Where Are the WMDs? (Reprise)
Newsweek's lead political story asks, finally, "Where are Iraq's WMDs?" Nowhere is the answer, so far. Bush says the weapons of mass destruction have been found, but all he's got is a few mobile labs without even residue in them. The intelligence community complains it was pressured, but the political bigwigs reply they just wanted "analysis" of the intelligence data. Probably a contradiction in terms. So the Pentagon's top policy adviser held a rare press briefing Wednesday to try to rebut accusations that senior civilian policy makers had politicized intelligence to fit their hawkish views on Iraq and to justify war on Saddam Hussein. Somebody's lying here.
Tuesday June 3
Apple Reverses Course on Internet Sharing
I have written before about how Apple's downloadable music service -- the "iTunes Music Store" -- is revolutionizing the lawful distribution of digital music. Part of the original iTunes service, just 30 days old, was the ability of the end user (the music "licensee") to share iTunes files over the Internet with other authorized computers. Now, in an almost hidden part of an update, Apple has discontinued the Internet sharing feature, igniting a storm of controversy. Apple iTunes Update Irritates Fans [BBCNews.com].

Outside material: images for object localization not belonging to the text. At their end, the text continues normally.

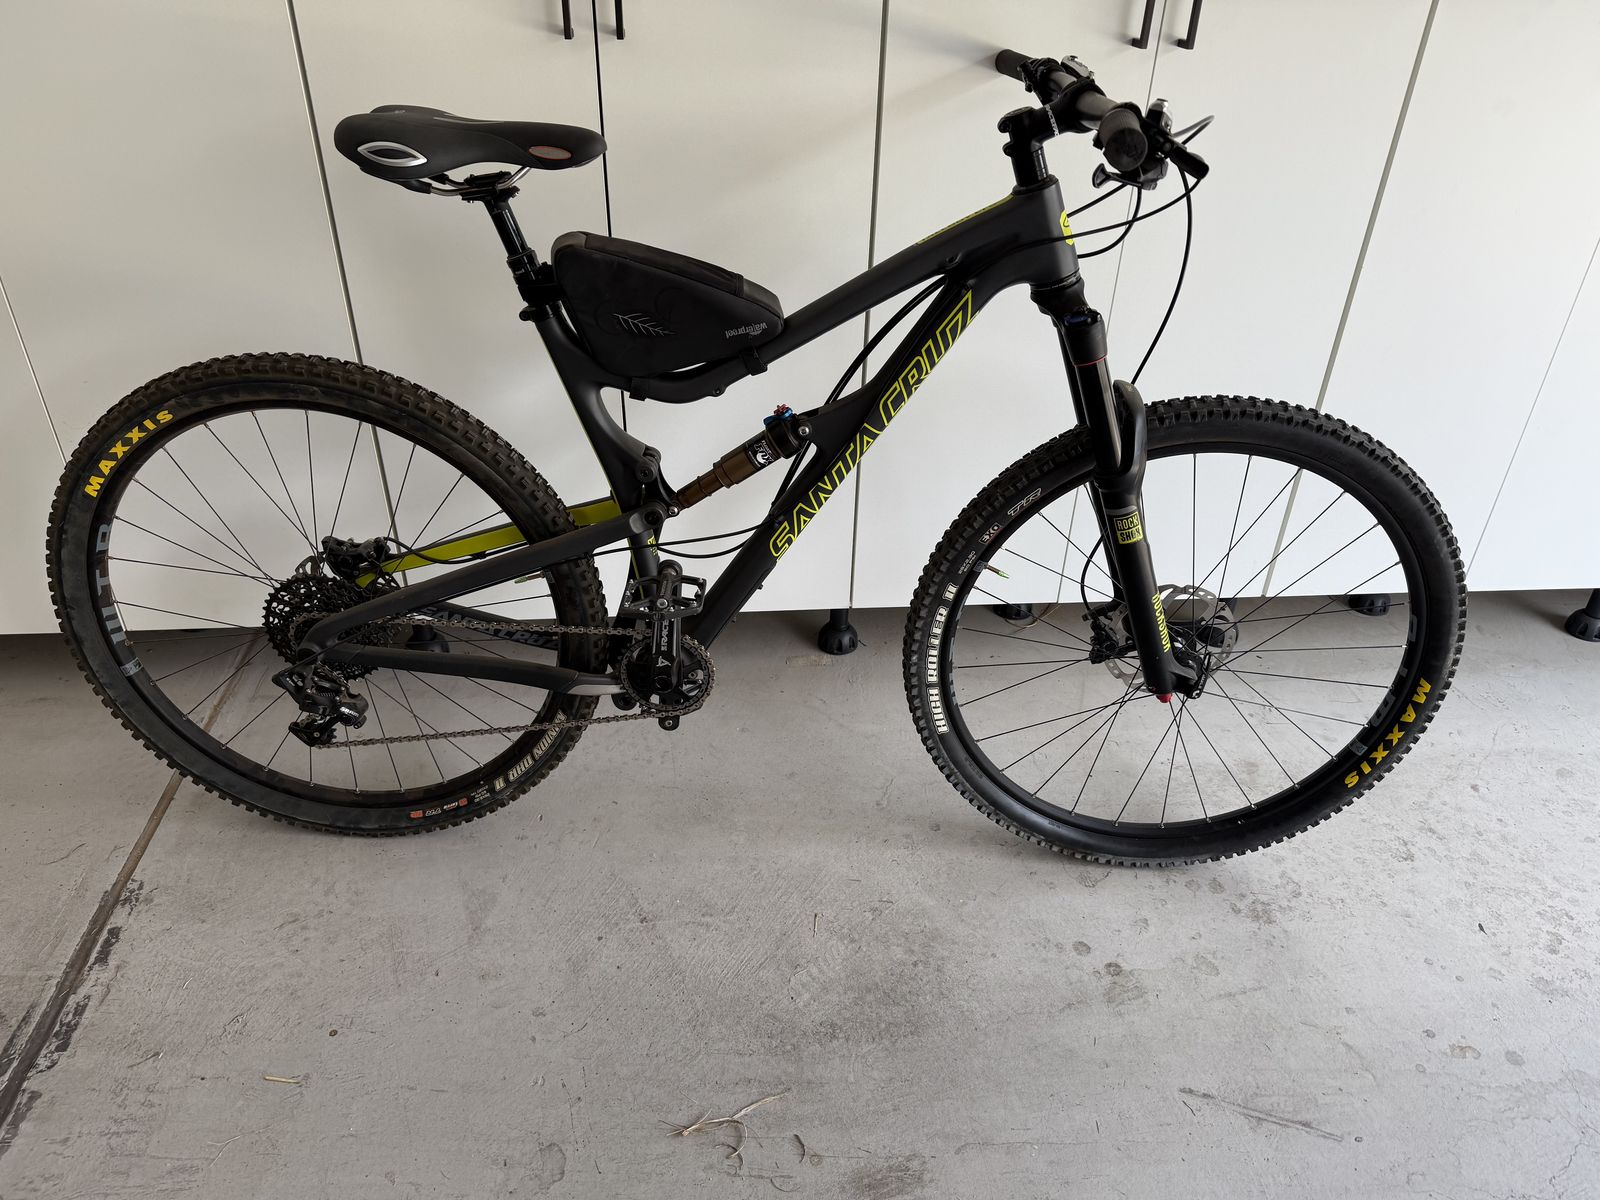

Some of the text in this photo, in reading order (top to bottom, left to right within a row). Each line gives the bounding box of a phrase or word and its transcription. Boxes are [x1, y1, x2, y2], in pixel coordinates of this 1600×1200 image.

[725, 322, 768, 339] waterproof
[84, 410, 174, 497] MAXXIS
[769, 422, 884, 561] SANTA
[879, 289, 981, 427] CRUZ
[981, 523, 1002, 543] EXO
[1116, 514, 1140, 531] ROCK
[925, 582, 959, 735] HIGH ROLLER II
[1344, 677, 1432, 789] MAXXIS
[508, 753, 535, 783] DHR

Personally, I don't think this is such a big deal, since the number of times I would want to share my music with another computer of mine -- say a laptop while traveling -- are almost non-existent. I can just bring along my iPod, which has all the same digital songs, anyway. But the criticisms and debate are raging on Apple's support Web site, and they're fun to watch.
In any event, chalk up another win for the RIAA and its record label members. The only reason for Apple to discontinue Internet sharing was pressure from RIAA. Yet since this form of "sharing" does NOT involve file transfers, but only listening to the music, it's hard to find a legitimate basis to oppose. Of course, that has never stopped Hillary in the past!!